> **Spatial localization data**

========

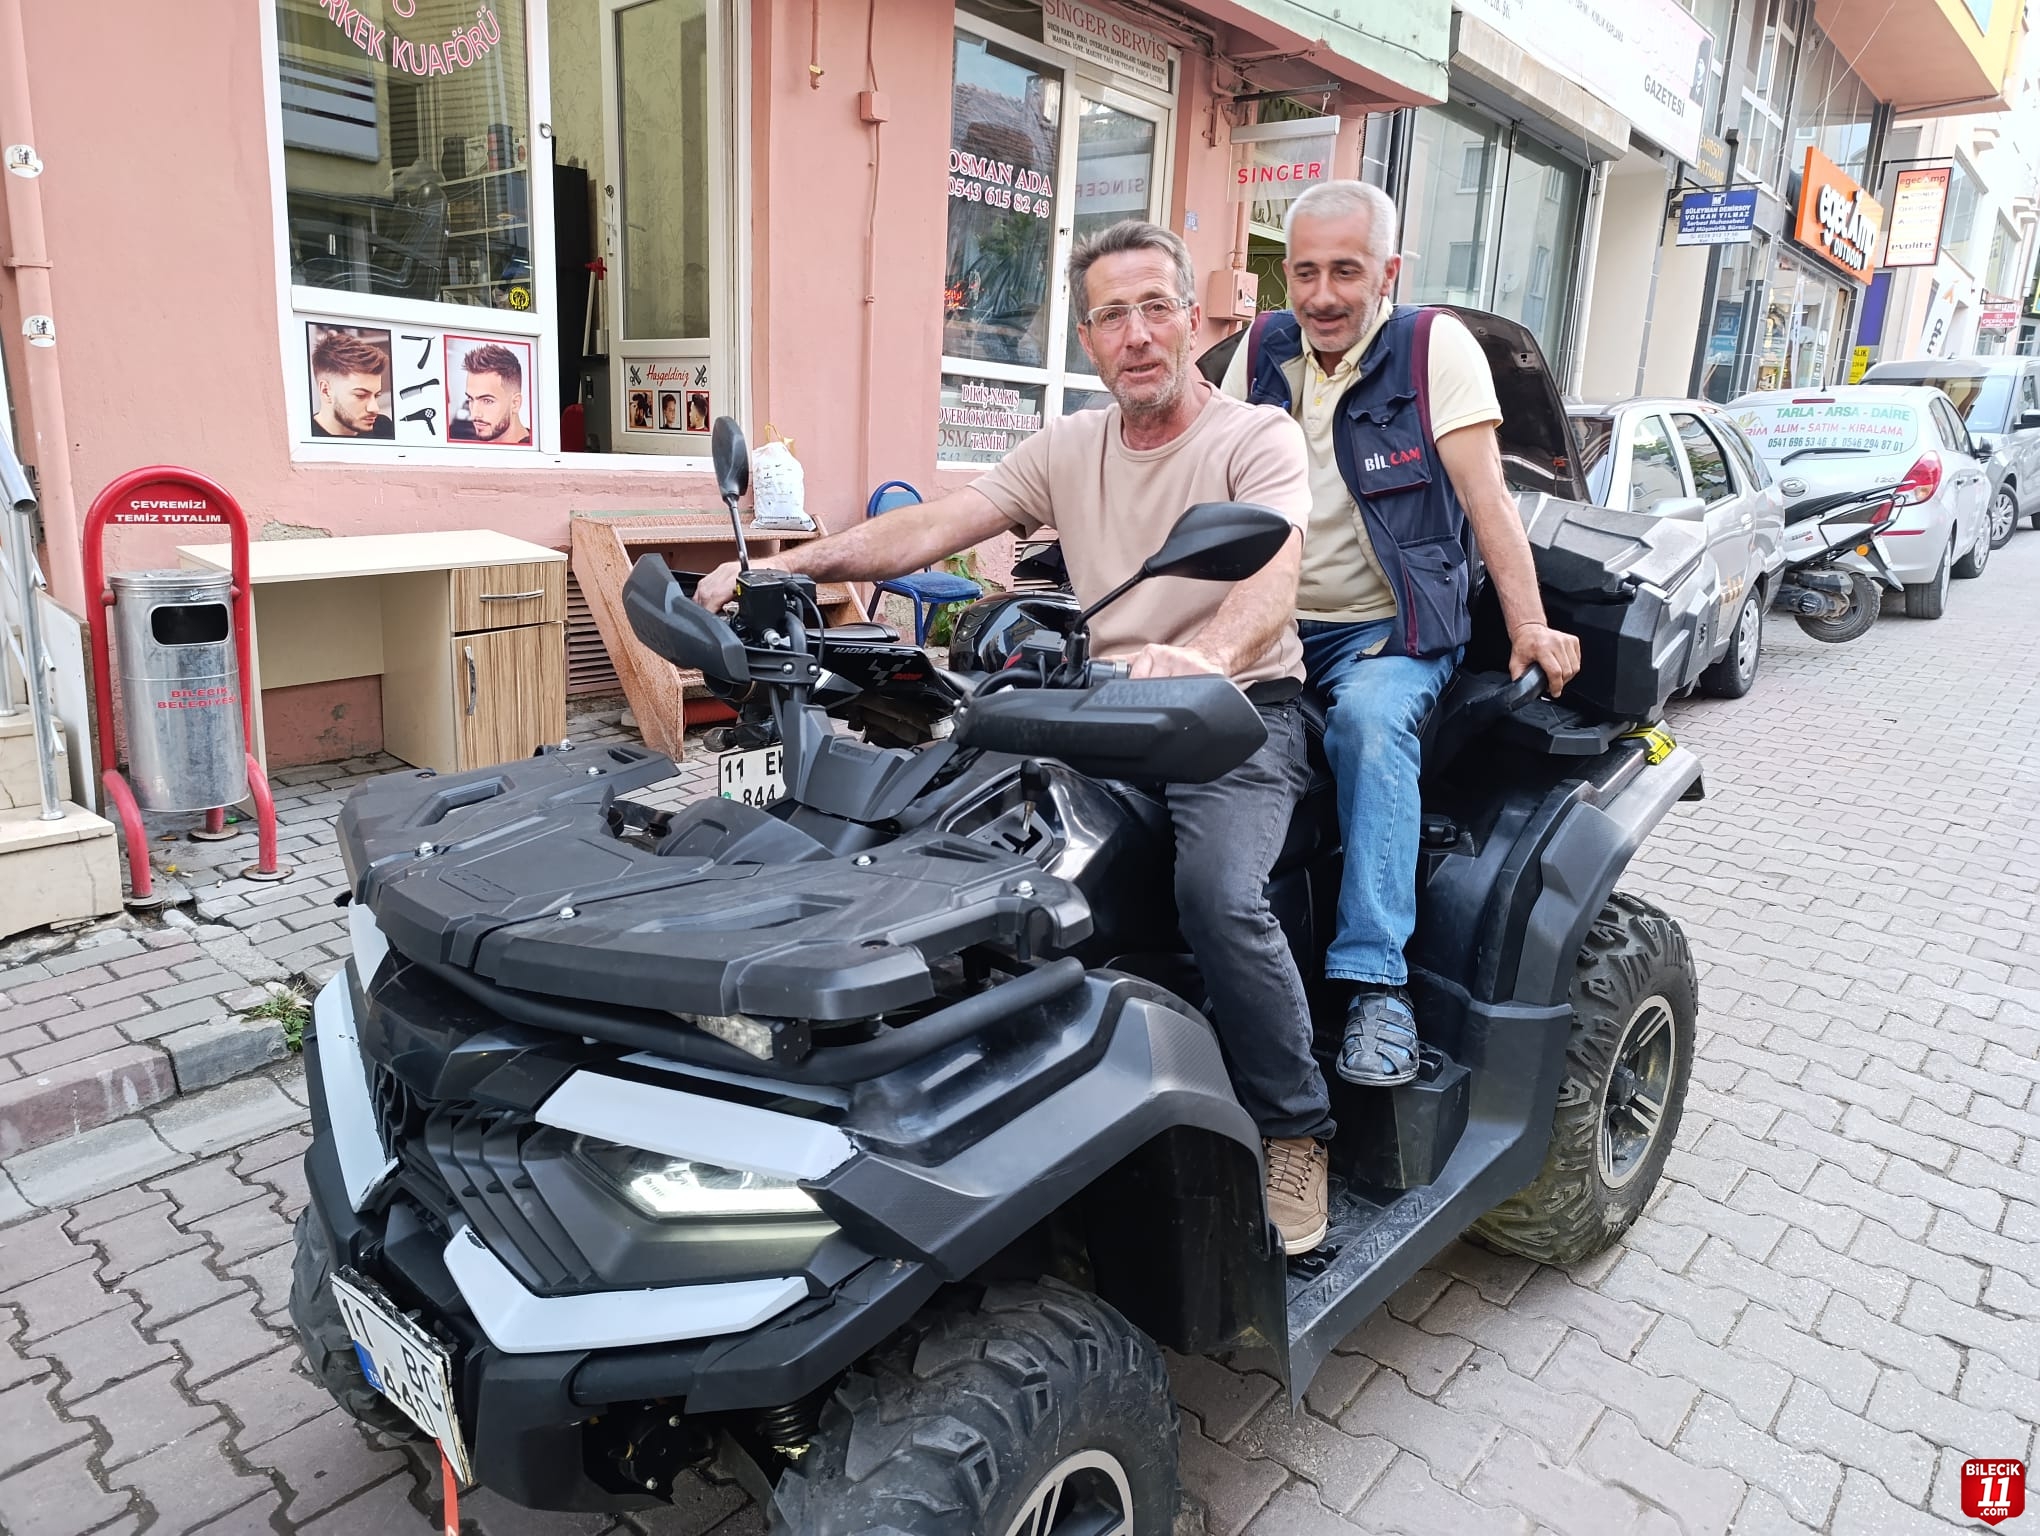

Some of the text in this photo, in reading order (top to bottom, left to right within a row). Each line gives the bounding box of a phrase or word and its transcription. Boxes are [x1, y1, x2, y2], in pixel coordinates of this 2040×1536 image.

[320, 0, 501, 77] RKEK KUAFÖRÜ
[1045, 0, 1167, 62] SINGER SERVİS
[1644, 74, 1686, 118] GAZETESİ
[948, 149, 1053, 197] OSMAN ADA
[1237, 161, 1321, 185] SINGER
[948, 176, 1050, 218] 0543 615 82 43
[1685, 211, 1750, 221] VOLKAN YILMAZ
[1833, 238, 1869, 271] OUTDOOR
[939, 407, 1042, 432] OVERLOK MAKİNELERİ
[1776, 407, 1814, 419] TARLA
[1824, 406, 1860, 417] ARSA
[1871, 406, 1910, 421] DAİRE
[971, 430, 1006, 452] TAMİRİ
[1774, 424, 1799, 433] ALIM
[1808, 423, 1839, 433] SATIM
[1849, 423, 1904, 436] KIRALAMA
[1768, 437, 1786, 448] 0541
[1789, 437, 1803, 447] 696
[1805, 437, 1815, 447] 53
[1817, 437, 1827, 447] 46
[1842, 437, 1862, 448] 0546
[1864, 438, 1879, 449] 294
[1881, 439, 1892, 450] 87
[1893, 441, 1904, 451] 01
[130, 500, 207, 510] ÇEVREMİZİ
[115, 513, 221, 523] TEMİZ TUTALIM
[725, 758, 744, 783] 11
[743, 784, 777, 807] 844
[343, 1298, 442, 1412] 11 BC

========

> **Work instruction**
Leave out the pictures, and write out all the remaining data above exactly.

> **Completed exercise**
Some of the text in this photo, in reading order (top to bottom, left to right within a row). Each line gives the bounding box of a phrase or word and its transcription. Boxes are [x1, y1, x2, y2], in pixel coordinates of this 2040×1536 image.

[320, 0, 501, 77] RKEK KUAFÖRÜ
[1045, 0, 1167, 62] SINGER SERVİS
[1644, 74, 1686, 118] GAZETESİ
[948, 149, 1053, 197] OSMAN ADA
[1237, 161, 1321, 185] SINGER
[948, 176, 1050, 218] 0543 615 82 43
[1685, 211, 1750, 221] VOLKAN YILMAZ
[1833, 238, 1869, 271] OUTDOOR
[939, 407, 1042, 432] OVERLOK MAKİNELERİ
[1776, 407, 1814, 419] TARLA
[1824, 406, 1860, 417] ARSA
[1871, 406, 1910, 421] DAİRE
[971, 430, 1006, 452] TAMİRİ
[1774, 424, 1799, 433] ALIM
[1808, 423, 1839, 433] SATIM
[1849, 423, 1904, 436] KIRALAMA
[1768, 437, 1786, 448] 0541
[1789, 437, 1803, 447] 696
[1805, 437, 1815, 447] 53
[1817, 437, 1827, 447] 46
[1842, 437, 1862, 448] 0546
[1864, 438, 1879, 449] 294
[1881, 439, 1892, 450] 87
[1893, 441, 1904, 451] 01
[130, 500, 207, 510] ÇEVREMİZİ
[115, 513, 221, 523] TEMİZ TUTALIM
[725, 758, 744, 783] 11
[743, 784, 777, 807] 844
[343, 1298, 442, 1412] 11 BC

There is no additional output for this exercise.